Strip the pictures, then copy the remaining data exactly as it stands.

━━━━━━━━━━━━━━━━

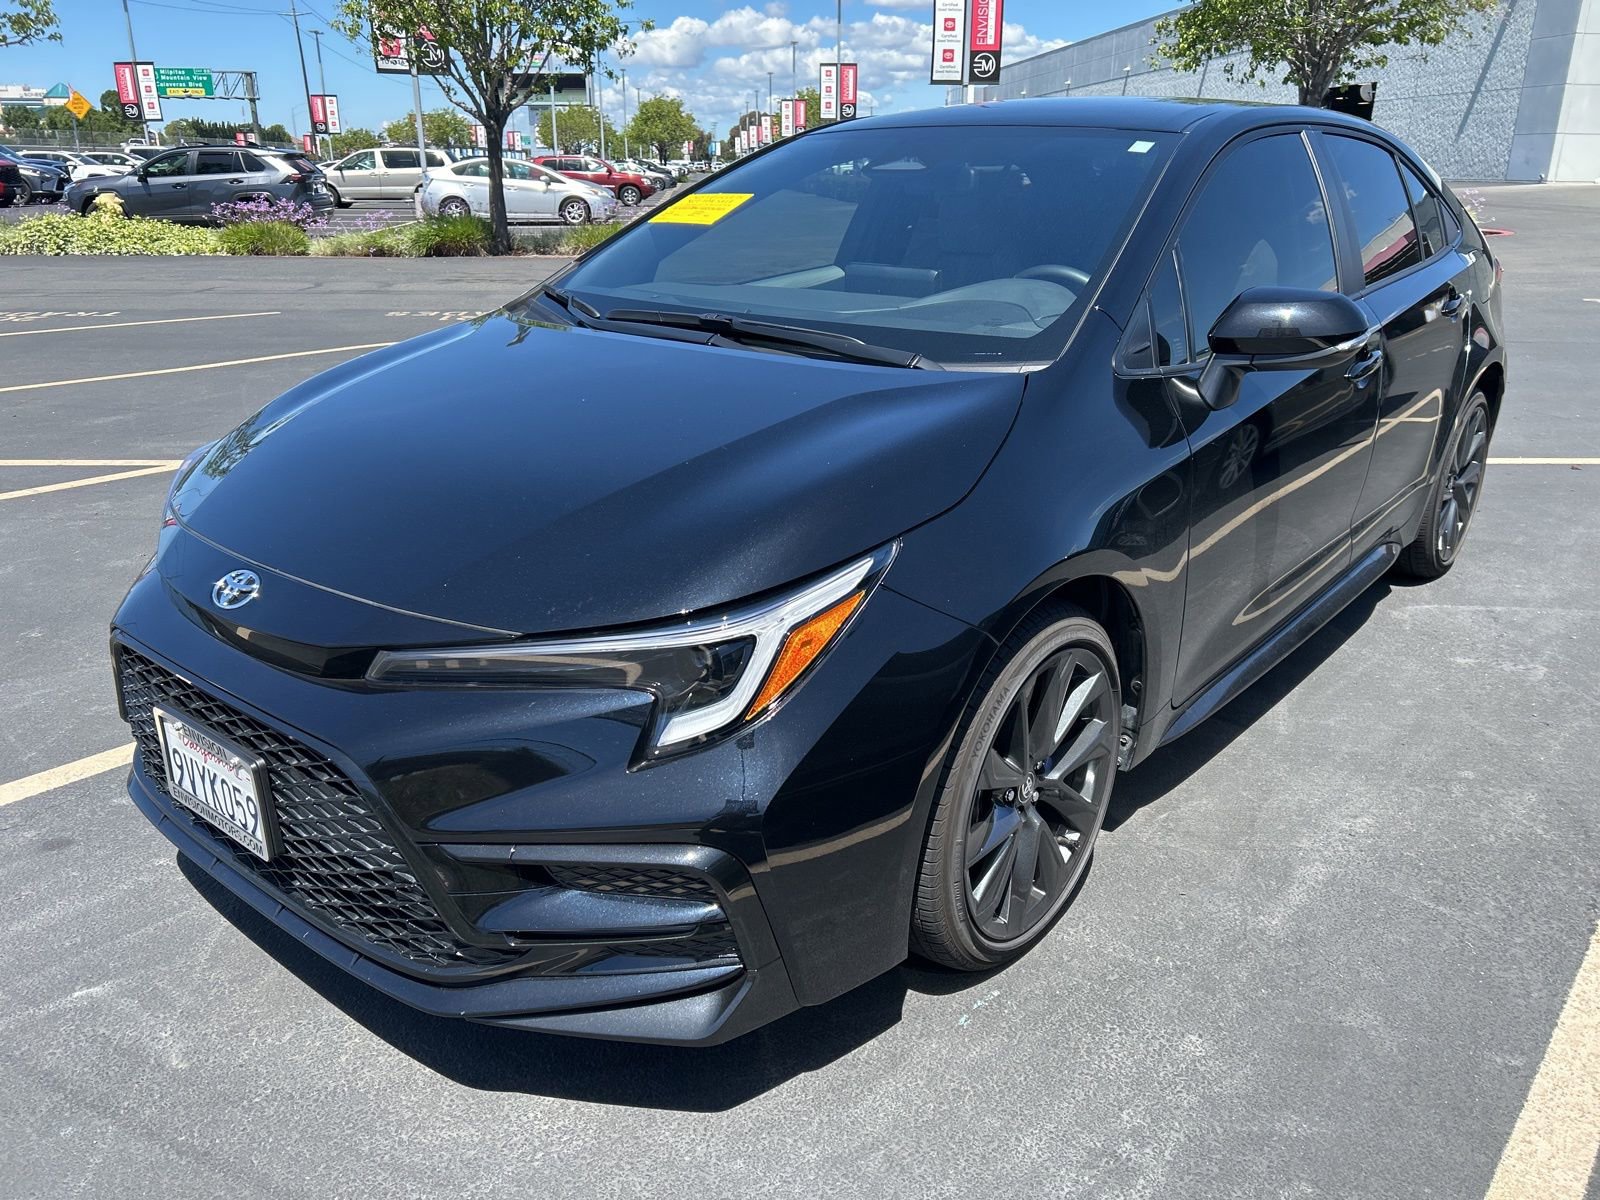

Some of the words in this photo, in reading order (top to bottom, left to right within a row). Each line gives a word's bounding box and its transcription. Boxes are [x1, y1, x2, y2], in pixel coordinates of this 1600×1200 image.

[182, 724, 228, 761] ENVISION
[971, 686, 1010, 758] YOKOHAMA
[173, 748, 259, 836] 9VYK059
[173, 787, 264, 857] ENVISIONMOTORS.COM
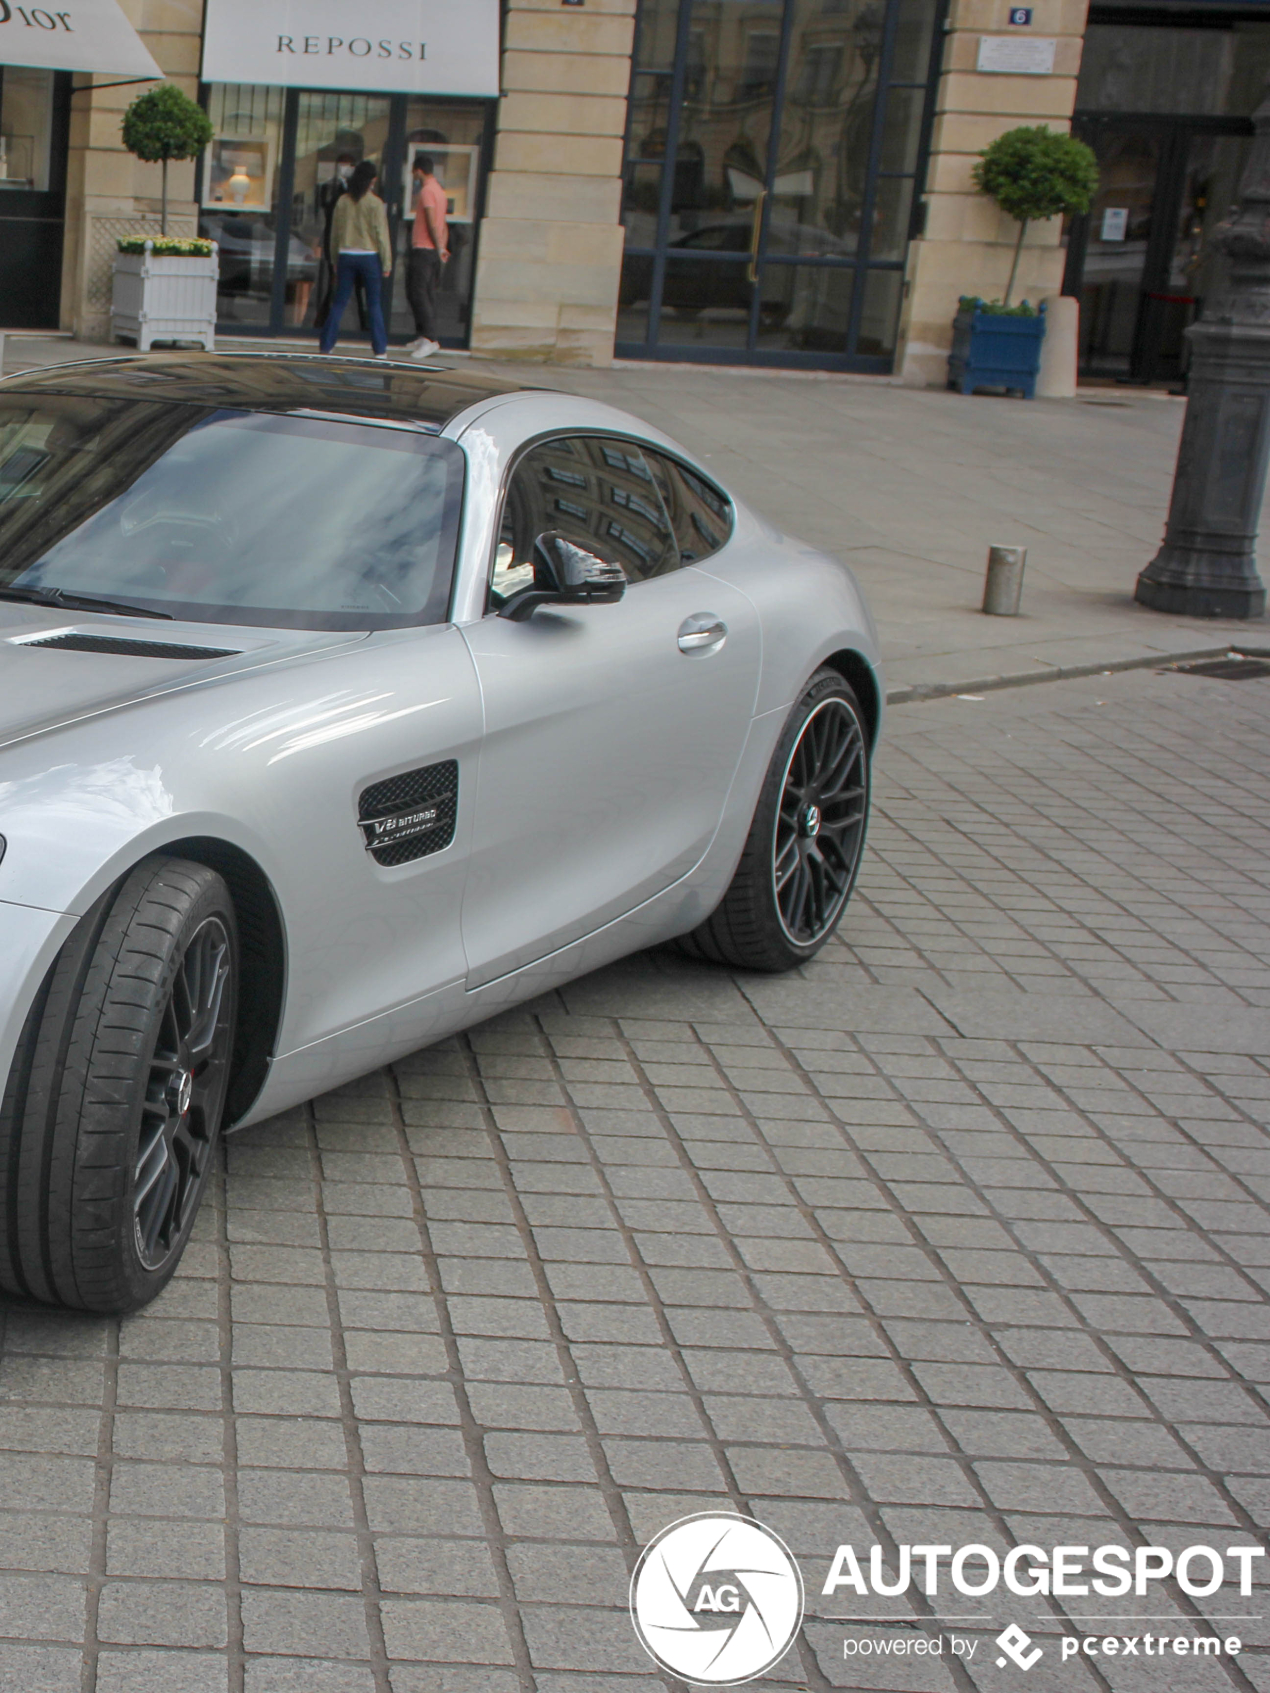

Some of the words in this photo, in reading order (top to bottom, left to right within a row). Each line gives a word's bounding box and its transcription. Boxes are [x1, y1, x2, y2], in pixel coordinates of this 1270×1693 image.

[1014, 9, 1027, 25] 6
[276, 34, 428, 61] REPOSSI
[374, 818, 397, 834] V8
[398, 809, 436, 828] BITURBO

━━━━━━━━━━━━━━━━

SOLUTION FOR THIS EXERCISE:
Some of the words in this photo, in reading order (top to bottom, left to right within a row). Each line gives a word's bounding box and its transcription. Boxes are [x1, y1, x2, y2], in pixel coordinates of this 1600×1200 image.

[182, 724, 228, 761] ENVISION
[971, 686, 1010, 758] YOKOHAMA
[173, 748, 259, 836] 9VYK059
[173, 787, 264, 857] ENVISIONMOTORS.COM

Some of the words in this photo, in reading order (top to bottom, left to right within a row). Each line gives a word's bounding box and its transcription. Boxes are [x1, y1, x2, y2], in pixel coordinates of this 1270×1693 image.

[1014, 9, 1027, 25] 6
[276, 34, 428, 61] REPOSSI
[374, 818, 397, 834] V8
[398, 809, 436, 828] BITURBO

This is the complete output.